I think the biggest one is — with the exception of vegans and vegetarians — cutting out entire food groups. I have heard so many girls who are like, “I’m not eating carbs this week because I have formal.” Well, that’s absolute garbage because a: your body needs them and they’re not bad, and b: the second you go right back on them you’re just gonna gain all the weight back. I actually hate the word “diet.” I think that the word “diet” is a bad word because it implies something temporary. So I think a better word to use is “lifestyle,” so focusing on having a really, really balanced lifestyle.
With the holidays coming up, what advice do you have for students who are seeking to make healthier choices in terms of food or exercise over the holidays?
My rule is, on the day of a holiday, so Thanksgiving, Christmas Day, you can eat whatever you want. Because it’s a day of family. It’s part of that cultural experience of a holiday is very focused on food. Just focusing on staying active and consciously making balanced, healthy choices all the other days. I mean, when you’re opening presents with your family or when you’re sitting down and your grandpa is carving the turkey you don’t want to be thinking, “Oh, jeez, I can only have one piece of this.” Just letting yourself be that day.
What are your favorite tips for students who might want to burn some calories after they eat that big meal?
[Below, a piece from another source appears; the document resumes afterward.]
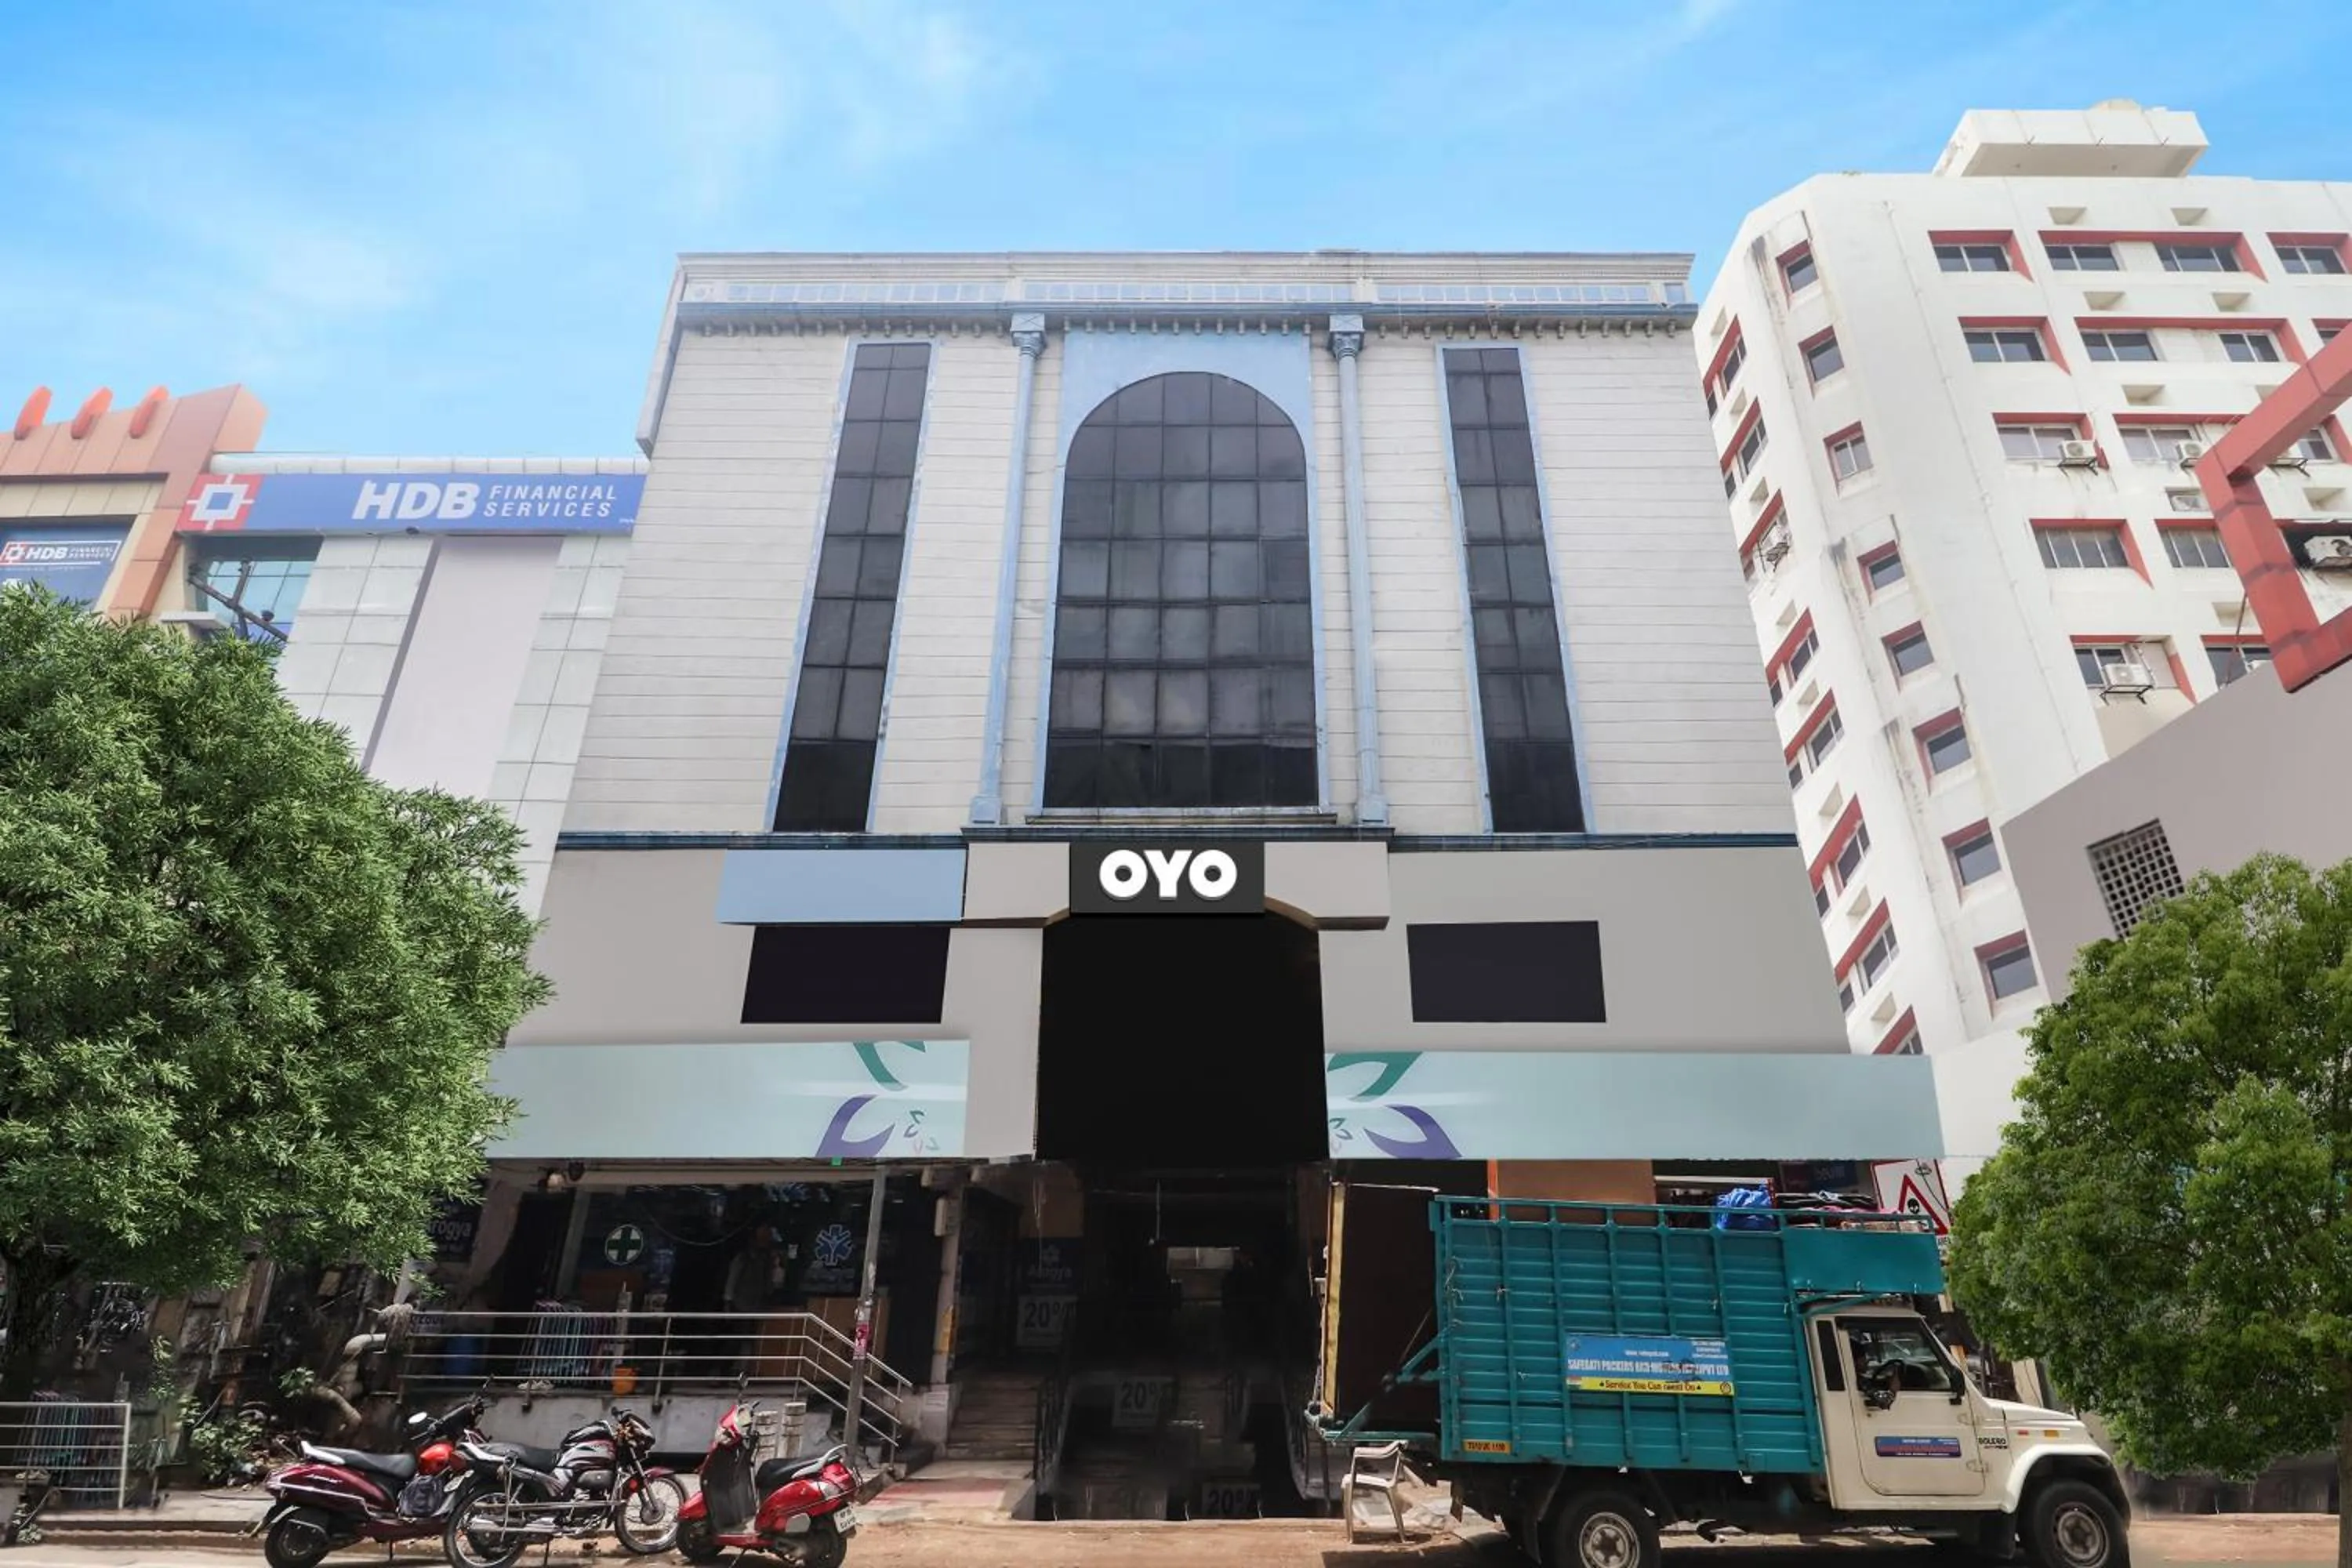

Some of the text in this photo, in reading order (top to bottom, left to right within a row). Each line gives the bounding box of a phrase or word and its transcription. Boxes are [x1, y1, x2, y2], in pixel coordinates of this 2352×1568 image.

The best thing you can do for your body, hands down, is go for a walk. It is the most natural thing for your body. Actually, the more that you walk and use correct posture, the more evenly distributed that your weight is and the better that your spine is. If you want to “burn it out” — as I typically say in my classes — I really love the side pretzel move for your booty. It’s just getting your thigh pushed back behind you and getting that thigh parallel to the ground. Just lifting really slow, really controlled, really focused motion. It gets right at that side body, gets it nice and tight. But a disclaimer: A fitness myth is that you can spot reduce. So a lot of people think that oh, if you do 100 crunches, you’ll flatten your abs out or you’ll lose weight in your stomach. That’s not how it works. Your body burns fat from wherever it wants. So, the whole point of barre is to tone out those muscles so they burn calories more effectively and then as the calories start to burn more effectively, then you’ll burn the weight off depending on how it wants to burn off. I typically lose it in my stomach first.
On a lighter note, what does your favorite holiday meal look like?
Well, my grandma is kind of the best cook in the world and I’m not just saying that because I know she’s going to read this. So for Thanksgiving, I love her stuffing — her stuffing is amazing — and she makes her own mashed potatoes. She does a mean broccoli cauliflower casserole. But for Christmas — twice baked potatoes. There’s cheese involved and there’s starch involved, which is the best. She makes a great apple cider as well.
Do you have any staple that you always have on hand? Do you have a typical breakfast, lunch and dinner? What are your grocery go-to’s?
Green apples — because they’re the only color apple I will eat and because they have a lot of natural sugar. Almonds — unsalted almonds — are really great. Peanut butter’s a good one. You have to be careful with the amount of sugar in your peanut butter but the healthy fats in it are fantastic. Whole wheat bread, I think, is a great staple to have on hand. I actually recommend that if you live off-campus you only buy whole wheat bread because then that’s the only thing that you’ll reach for.
Editor’s note: This interview has been edited and condensed.